As for the hinges, we used (4) 7/16"X4" bolts and cut off the threaded part. You can leave this part and use a nut to secure them on but we didn't think it was necessary so we just used the smooth shank part of the bolt for it to pivot on. You will also need some 3/16" or 1/4" flat bar to weld to the tubes and bolt heads.
You can buy a set of your own latches, but after doing a bunch of research we combined a few different ideas of home made latches and came up with our own.
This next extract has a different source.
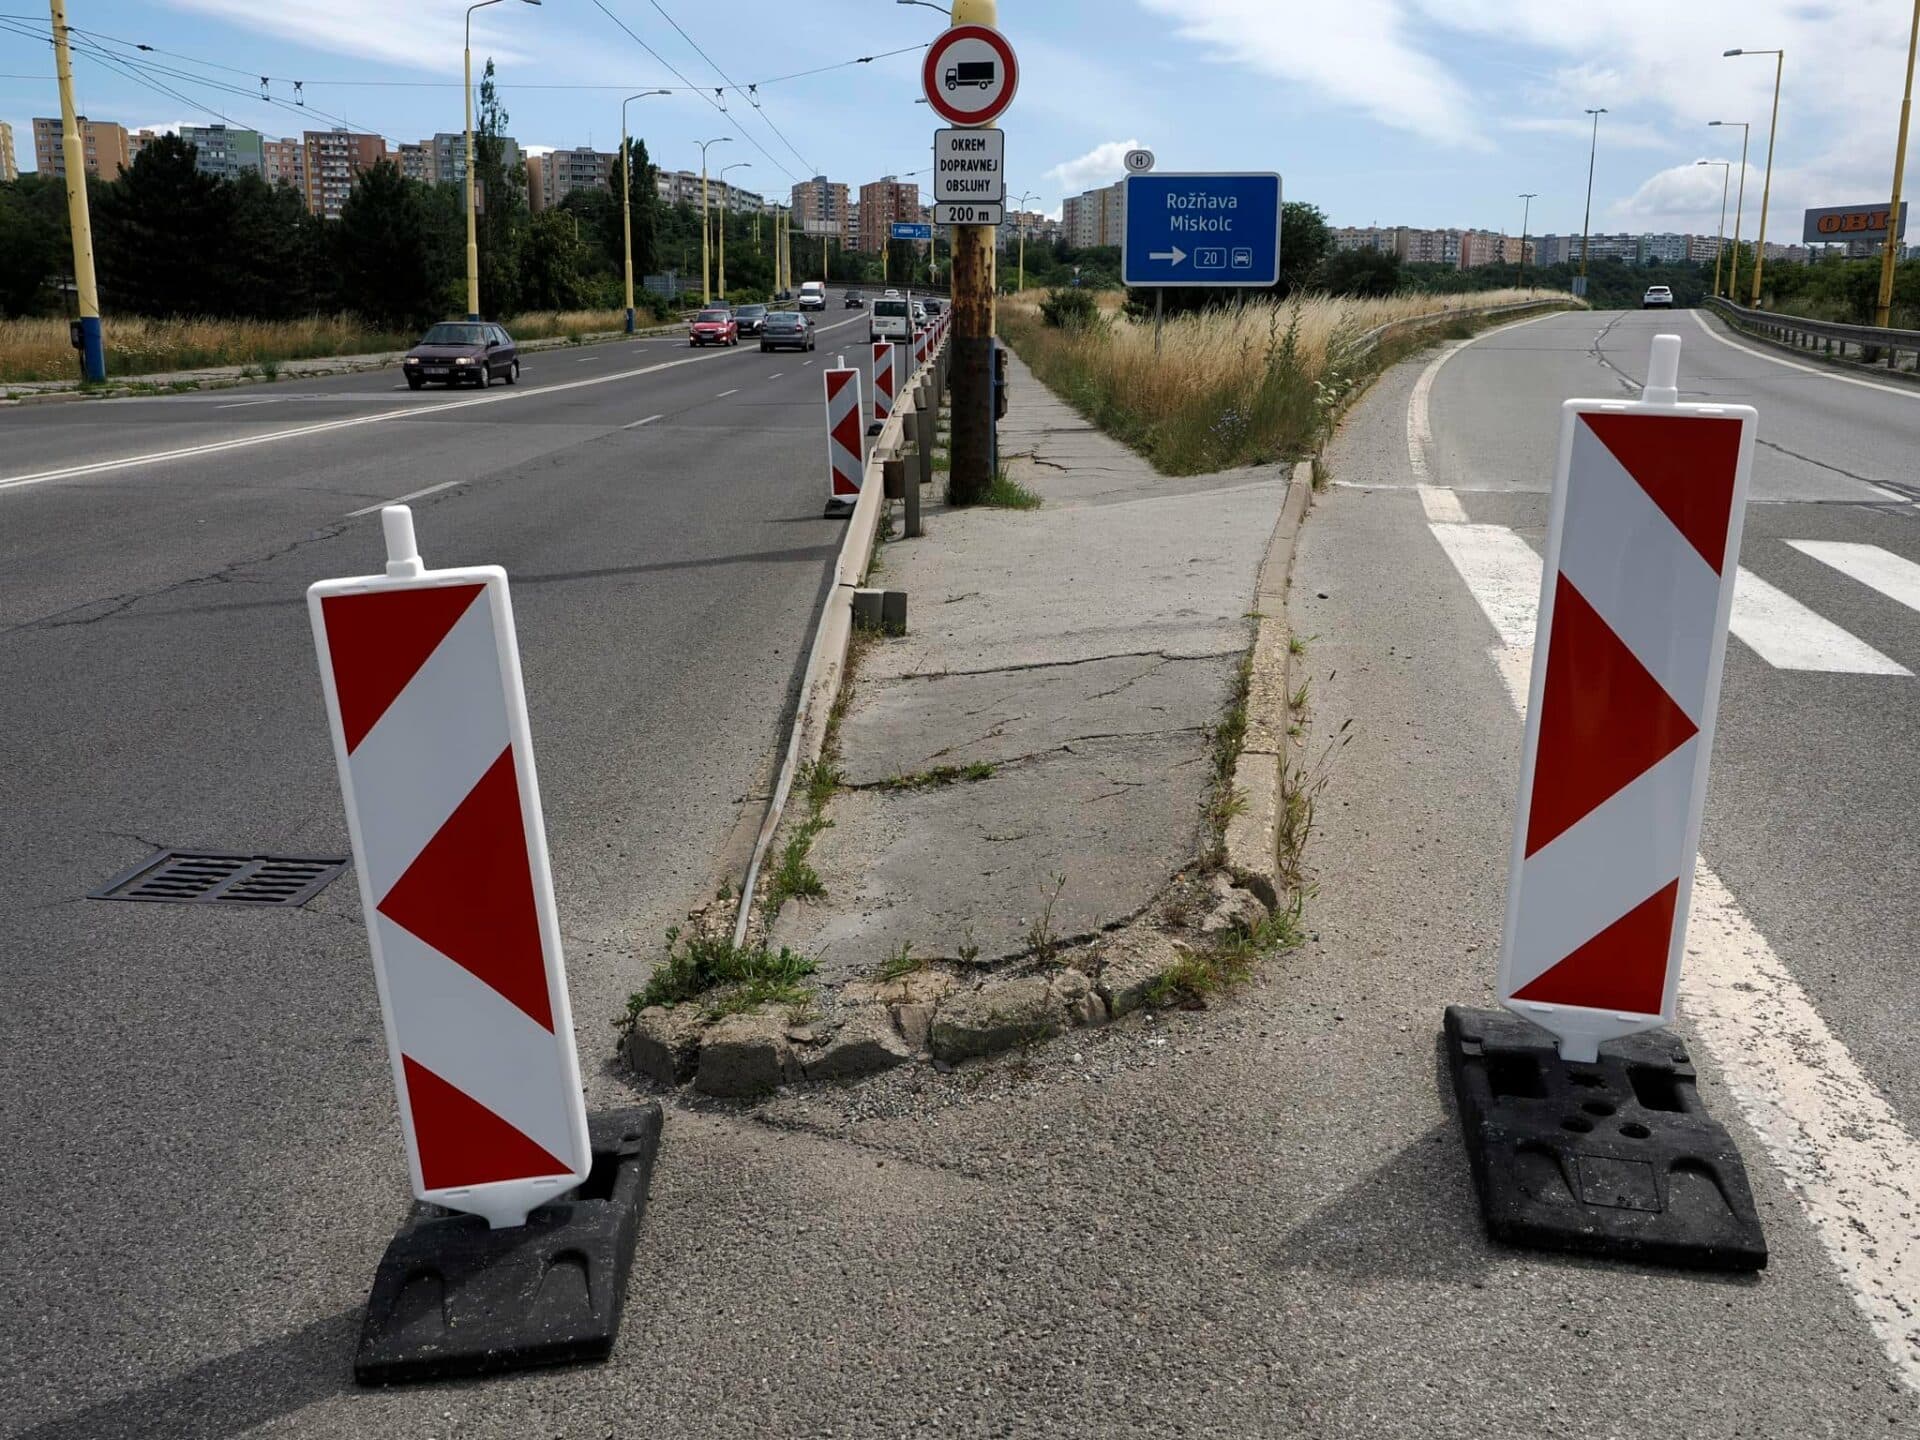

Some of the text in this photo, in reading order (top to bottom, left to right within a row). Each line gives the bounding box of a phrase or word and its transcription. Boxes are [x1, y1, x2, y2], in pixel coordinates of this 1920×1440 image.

To make these you will need about 18" of 1/8"X2" flat bar, (2) 1/4"X3/4" bolts washers and nuts, (2) 3/16"X1" bolt and nut, and we used a couple springs that were from some drum brakes laying around the shop.
Building the tube doors:
These doors are pretty straight forward so if you have some general fabrication skills you will know how to cut and fit them so you can just skip to the pictures. All thats really needed to put them together is a flat surface (a table is preferred but a flat driveway you can make some chalk marks on is okay as well), a welder, and a grinder. Tools that aren't necessary but will make life a lot easier include a chop saw and a tubing notcher. You can use the chop saw to notch the tubing but an actual tubing notcher makes a cleaner and more accurate cut to weld.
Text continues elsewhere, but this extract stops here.